Children of the light 03



一度家に戻ると母がいた。吉を見て露骨に溜息をつく。
「その格好は何」
裾を膝までからげ、嫁入り前とはとても思えない。吉は曖昧な返事をし、母をやり過ごそうとしたが、今日の母は機嫌が悪いようだった。
使用人たちが息を呑んで見守る中、吉に何くれとなく説教を始める。
説教と言うよりは、女が女に対する厭味だ──使用人にこっそりと呼ばれ、途中から現れた平手政秀は溜息を押し隠した。
吉も言い返せばいい。政秀はいつも思う。決して愚鈍な娘ではなく、むしろ利発だ。だが家の中ではほとんど喋らず、激情を見せることもなく、母の気が済むまで説教と厭味を聞いてはまたするりといなくなる。いつも質素な着物の裾をからげて外に飛び出し、前田の子供や取り巻きを連れて遊び回っている。川や畑に入ることもあれば、危険な山へ入ろうとすることも多々ある、と犬千代に聞いている政秀は連日頭が痛かった。
だがそれも理解できなくはない。
──家に、いたくないのだ。
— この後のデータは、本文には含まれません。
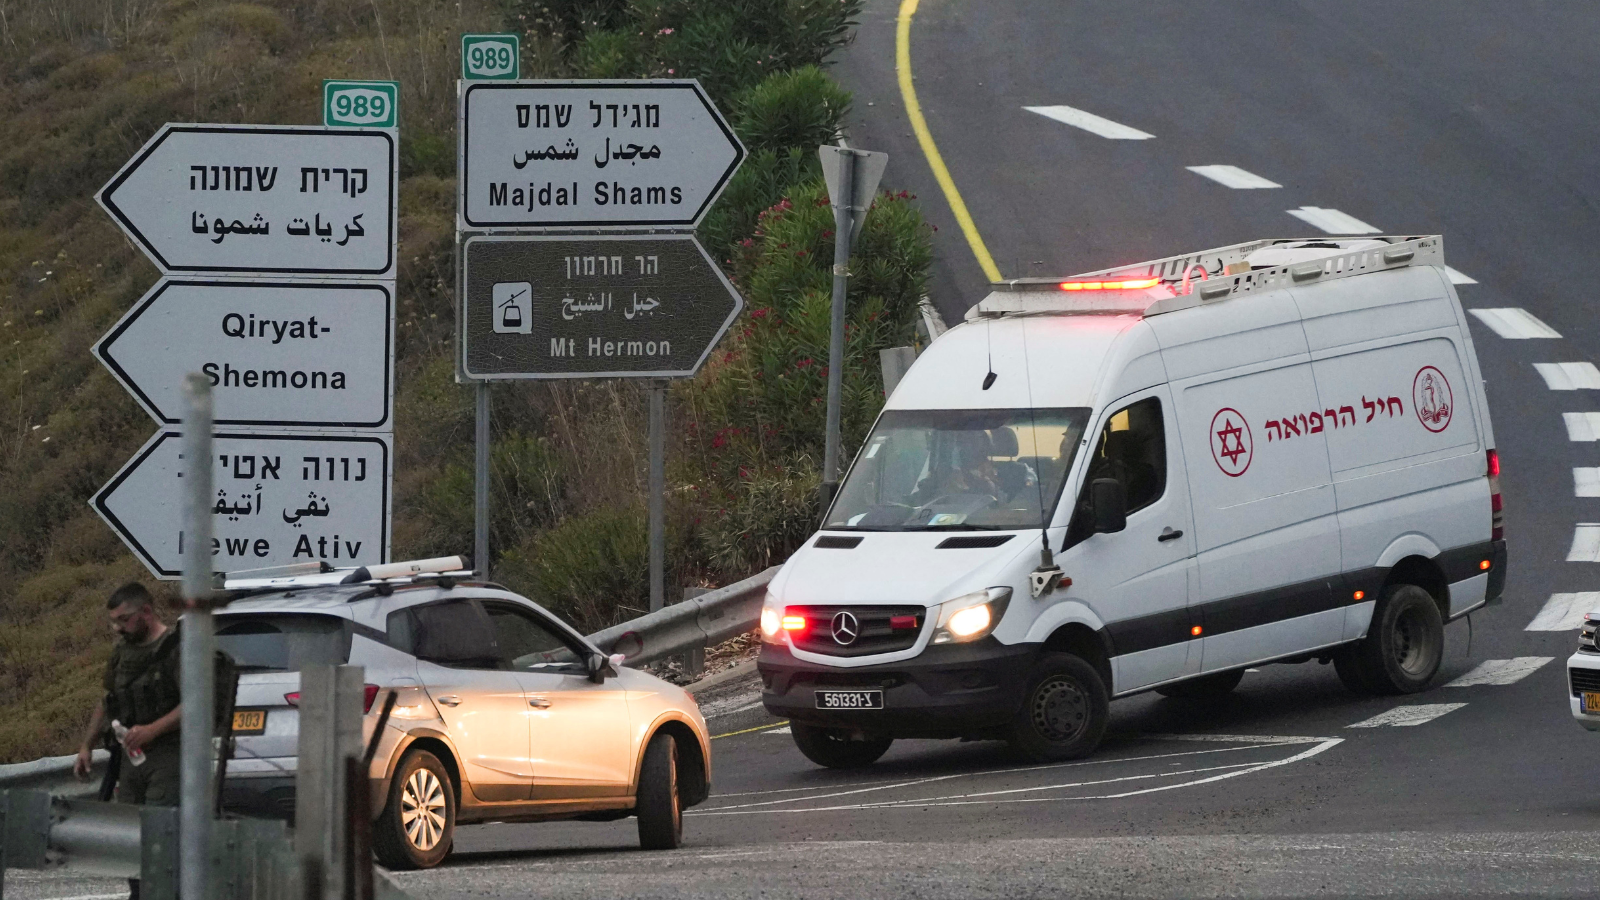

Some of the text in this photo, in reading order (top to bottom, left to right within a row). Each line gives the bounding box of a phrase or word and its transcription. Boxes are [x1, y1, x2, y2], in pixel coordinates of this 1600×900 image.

ひい様は。
理由は誰の目にも明らかだった。母のことだ。土田御前と呼ばれる彼女は美しく才もあり、産んだ子供たちは皆美しく聡明で、この時代に女性に求められる役目を見事に果たしていた。城下では土田御前への賞賛の声も多い。だが政秀や古くから仕える家人たちは、彼女が何かの些細な機会で気鬱や癇癪を起こすことをよく知っていた。
そしてその気鬱の解消と見られる八つ当たり的な行為は、延々となぜか吉に向けられることが多い。今がまさにそれだ。吉は「またか」という顔すらせず、無表情に母の説教めいた愚痴をただ聞き続ける。
──それにしても、ひい様は辛抱強い。
政秀は思う。家のほとんどの者や城下の者は吉を「変わった姫さん、うつけかもしれない」と思っているが、政秀や──何より吉の父である信秀はそうではなかった。こと、信秀は他の子供の誰よりも吉を気に掛けている。土田御前や城下の者たちが入り込めない、天王坊へ勉強へ行かせていることがその表れだった。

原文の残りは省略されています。